Internally, an unprecedented unveiling of the campaign is planned for all employees, who will play a critical role in fulfilling its themes and messages. BellSouth employees will experience the new brand via a Web site with e-mail, HTML-postcards, banner ads, a live broadcast, and a series of newsletter articles.
Prime Time
As its foray into "e-space," BellSouth launches externally with a total of six 30-second television spots, four of which will run initially—Dinner Time (see photo at top), Store, Skyscraper (see photo below), and Park Bench. Television spots will begin to air on March 9 on programs such as NCAA Basketball Conference Championships (SEC, ACC), NCAA March Madness, Malcolm in the Middle, Friends, Frasier, Who Wants to be a Millionaire? and the PGA Honda Classic. The spots will also be carried on cable stations such as ESPN, CNN, E!, VH1, and Oxygen.

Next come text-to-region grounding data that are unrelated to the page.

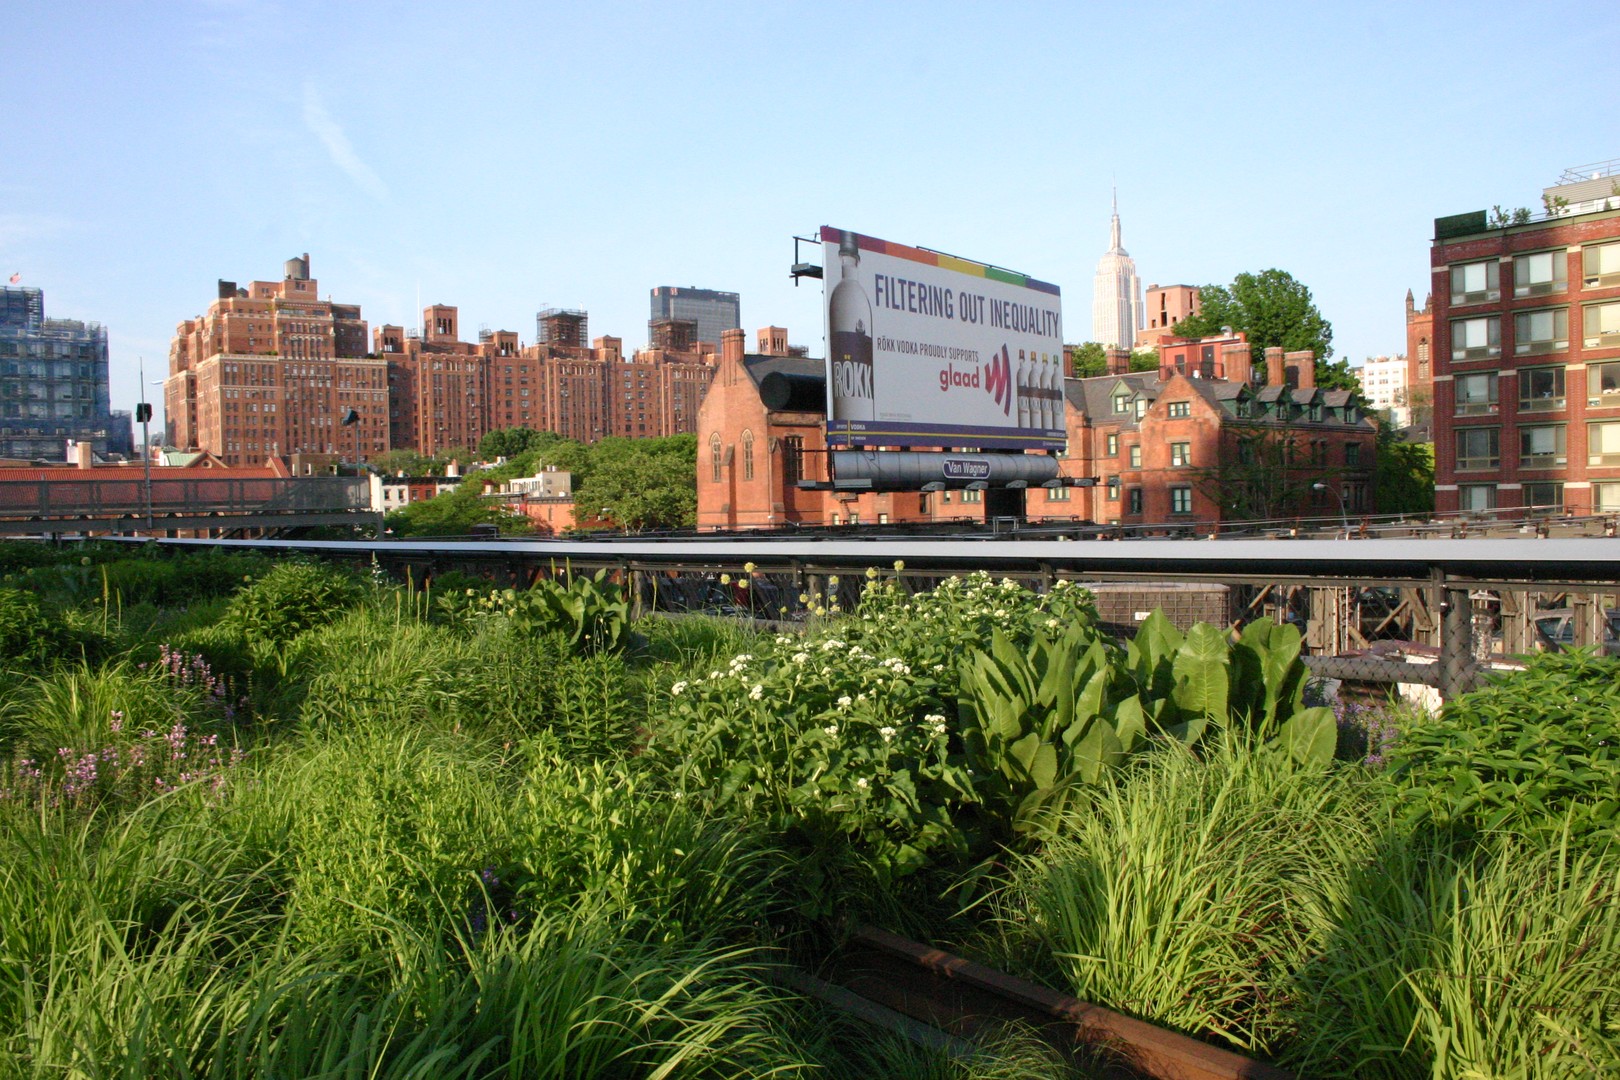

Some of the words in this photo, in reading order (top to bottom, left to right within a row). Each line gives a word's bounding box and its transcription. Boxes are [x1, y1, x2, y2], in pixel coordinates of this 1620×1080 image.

[874, 273, 954, 320] FILTERING
[959, 291, 985, 325] OUT
[990, 297, 1059, 338] INEQUALITY
[896, 340, 918, 355] VODKA
[919, 343, 948, 359] PROUDLY
[948, 347, 979, 363] SUPPORTS
[833, 354, 873, 400] RÖKK
[940, 362, 980, 392] glaad
[944, 461, 962, 474] Van
[962, 461, 988, 477] Wagner

In "Skyscraper," Stuart Kobak trudges up the stairs outside a large office building. As he climbs, a voiceover gives a lengthy history of failed business ventures by this "hopeless dreamer, hapless entrepreneur." As he enters the building, the camera pans up to reveal the results of his latest "pipe dream" and the building's moniker, "Kobak.com." The BellSouth answer this time is "e-commerce."
Print advertising begins March 10 with 4-color spreads in major daily newspapers in 15 Southeast markets, in USA Today, Newsweek, Time, Vanity Fair, Money, Fortune, Inc., National Geographic, Martha Stewart Living, People, Entertainment Weekly, Business Week, Rolling Stone, Sports Illustrated and black & white ads in the Wall Street Journal.
The corporate branding campaign also will include numerous elements such as five out-of-home billboards in 15 Southeast markets, phone kiosks, BellSouth vans, and experiential sports sponsorship activities.